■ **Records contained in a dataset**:
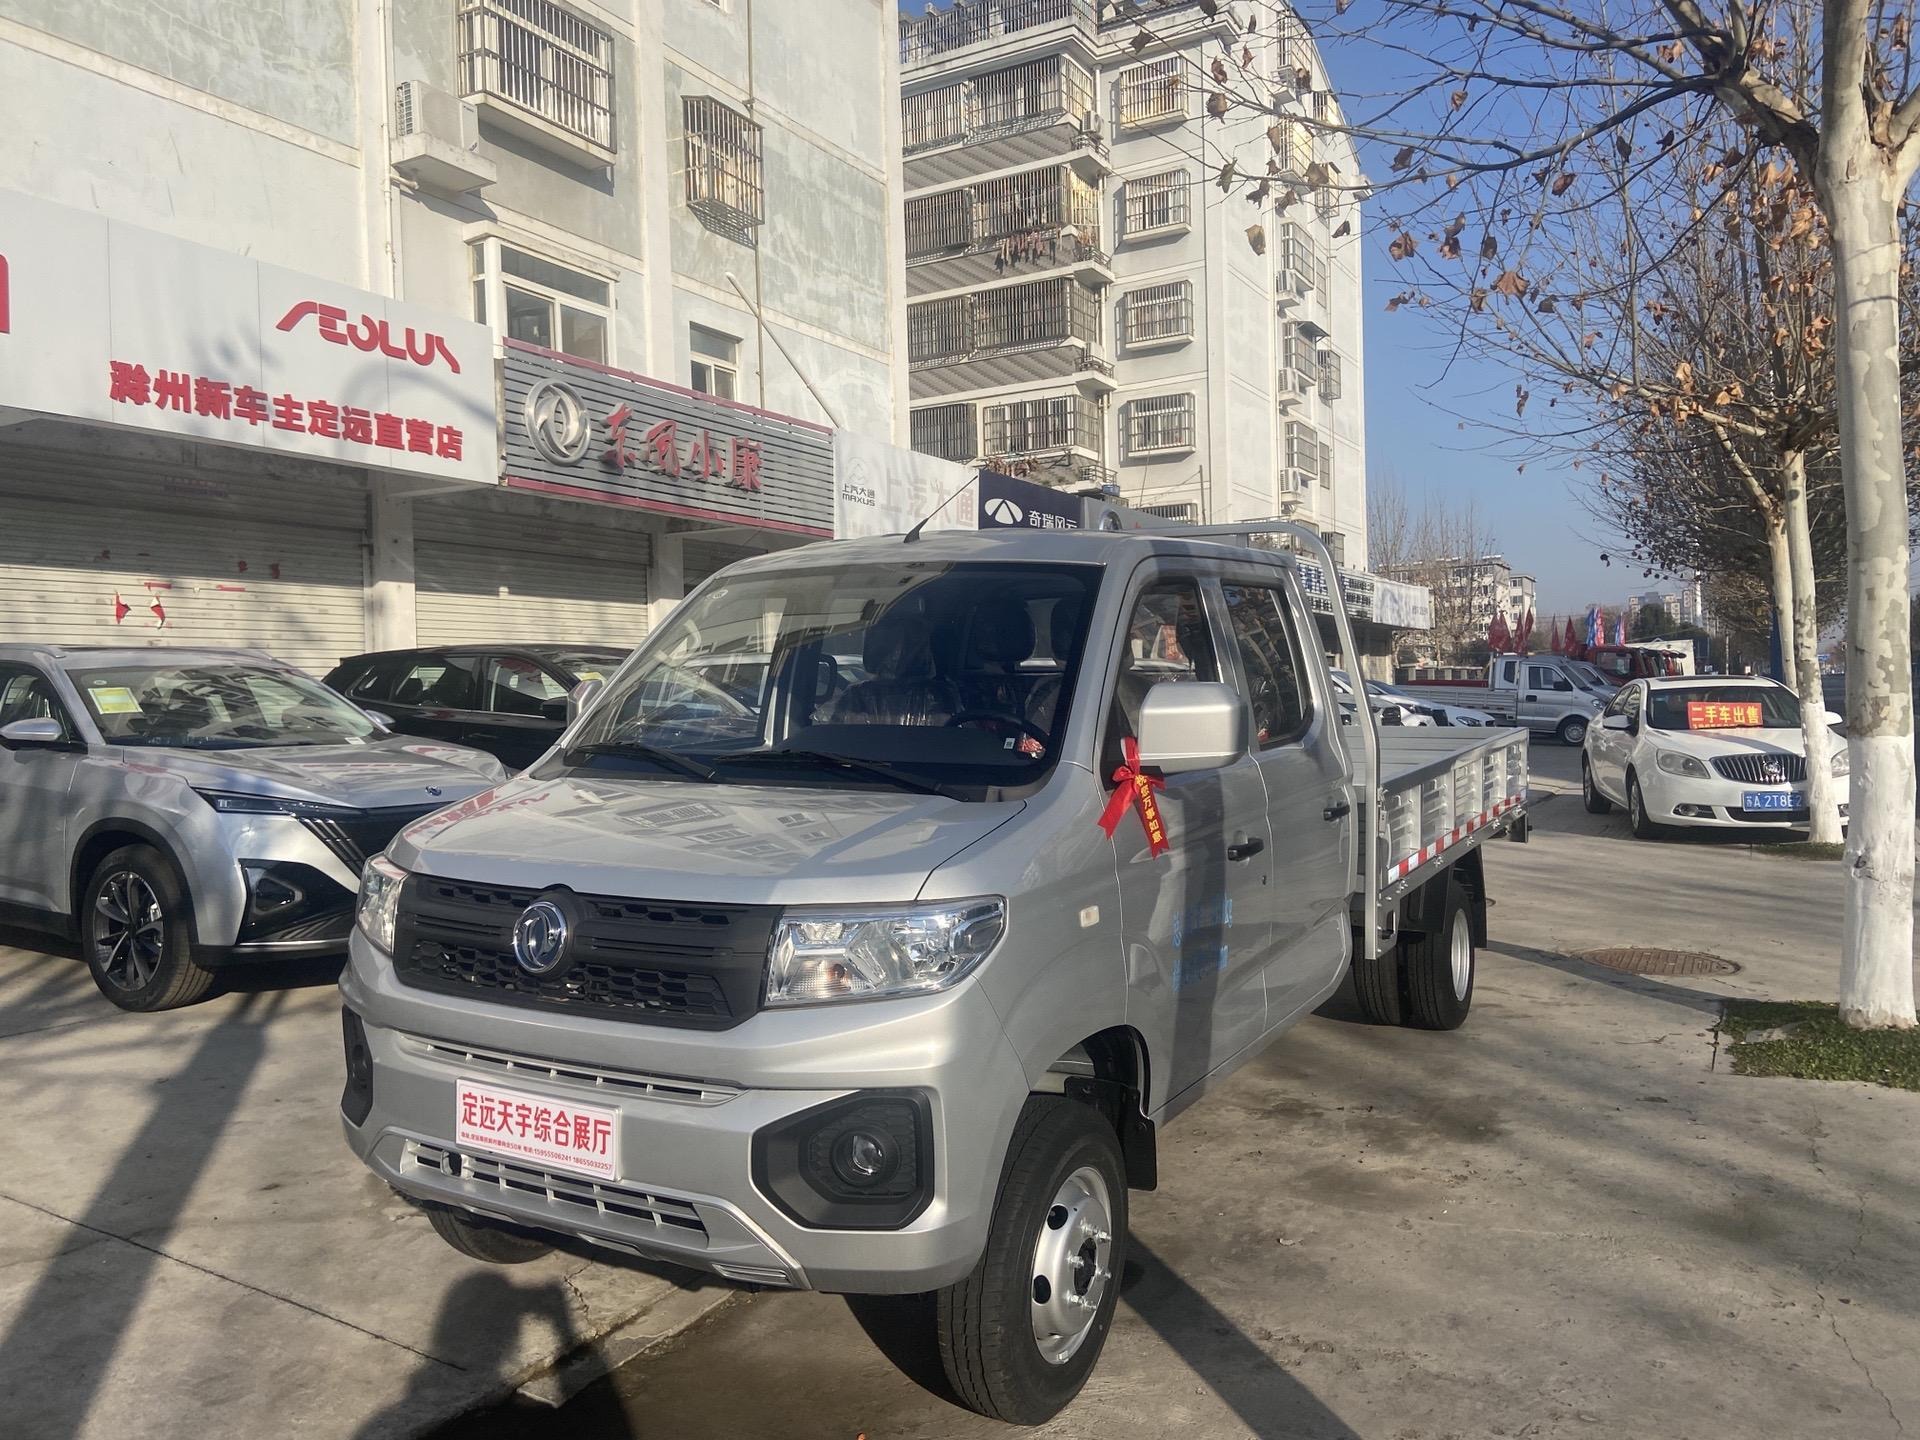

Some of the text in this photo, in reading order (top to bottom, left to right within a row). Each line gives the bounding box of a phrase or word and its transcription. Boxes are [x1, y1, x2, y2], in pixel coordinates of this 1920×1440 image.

[276, 301, 460, 374] AEOLUS
[110, 361, 463, 460] 滁州新车主定远直营店
[599, 403, 763, 491] 东风小康
[842, 483, 875, 499] 上汽大通
[842, 493, 875, 507] MAXUS
[1028, 510, 1078, 529] 奇瑞风云
[1692, 705, 1759, 724] 二手车出售
[462, 1092, 611, 1155] 定远天宇综合展厅
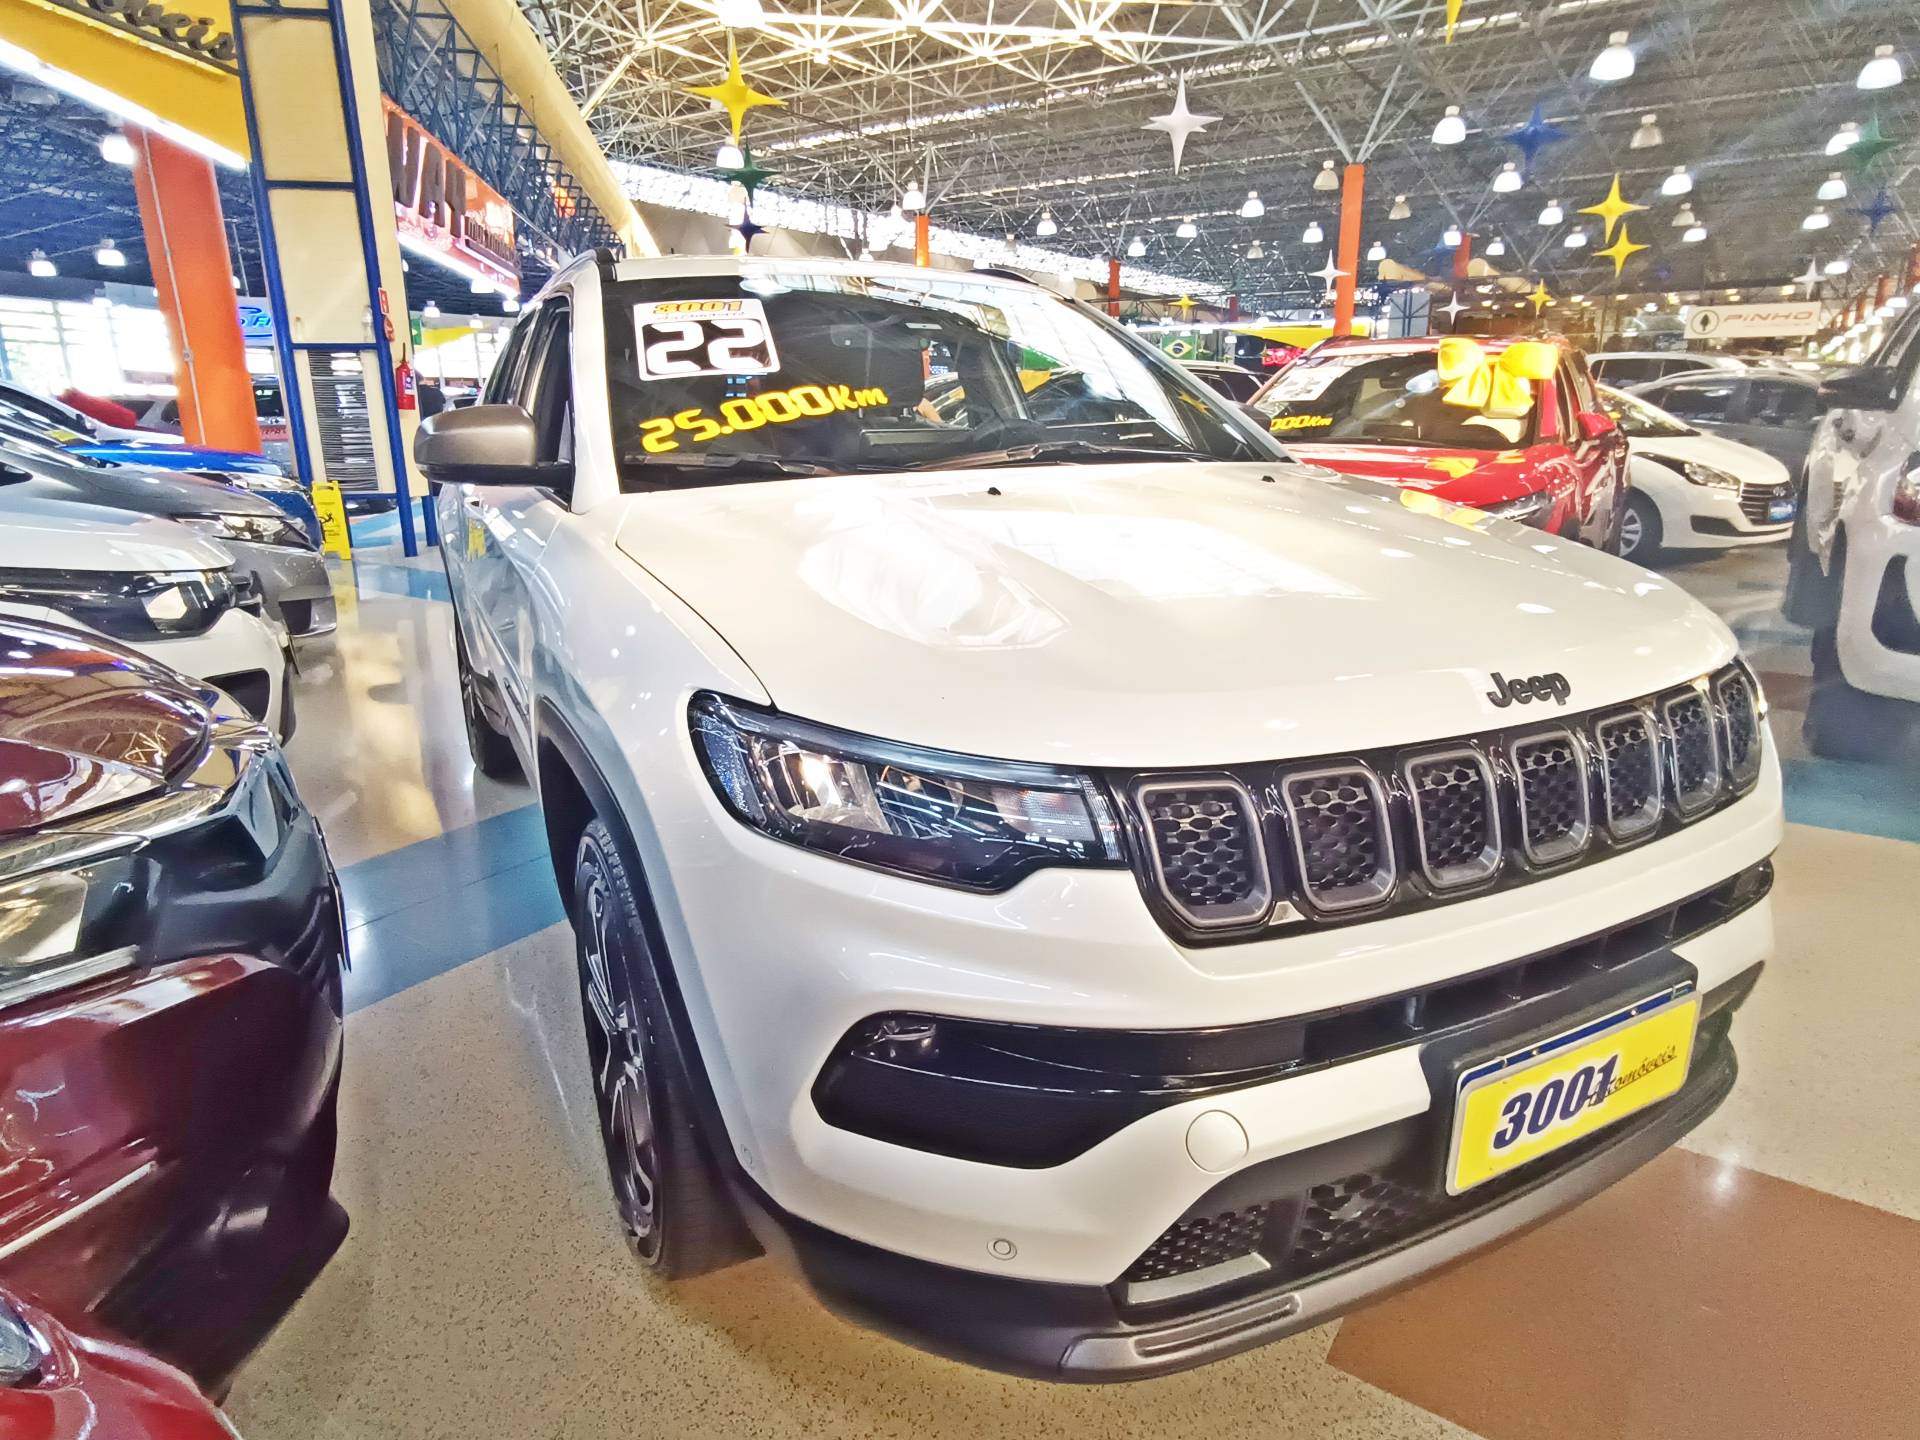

■ **Task to complete**:
Output the records above character for character, but leave each image out.

■ **Solution to this exercise**:
Some of the text in this photo, in reading order (top to bottom, left to right within a row). Each line gives the bounding box of a phrase or word and its transcription. Boxes are [x1, y1, x2, y2], in pixel coordinates of this 1920×1440 image.

[276, 301, 460, 374] AEOLUS
[110, 361, 463, 460] 滁州新车主定远直营店
[599, 403, 763, 491] 东风小康
[842, 483, 875, 499] 上汽大通
[842, 493, 875, 507] MAXUS
[1028, 510, 1078, 529] 奇瑞风云
[1692, 705, 1759, 724] 二手车出售
[462, 1092, 611, 1155] 定远天宇综合展厅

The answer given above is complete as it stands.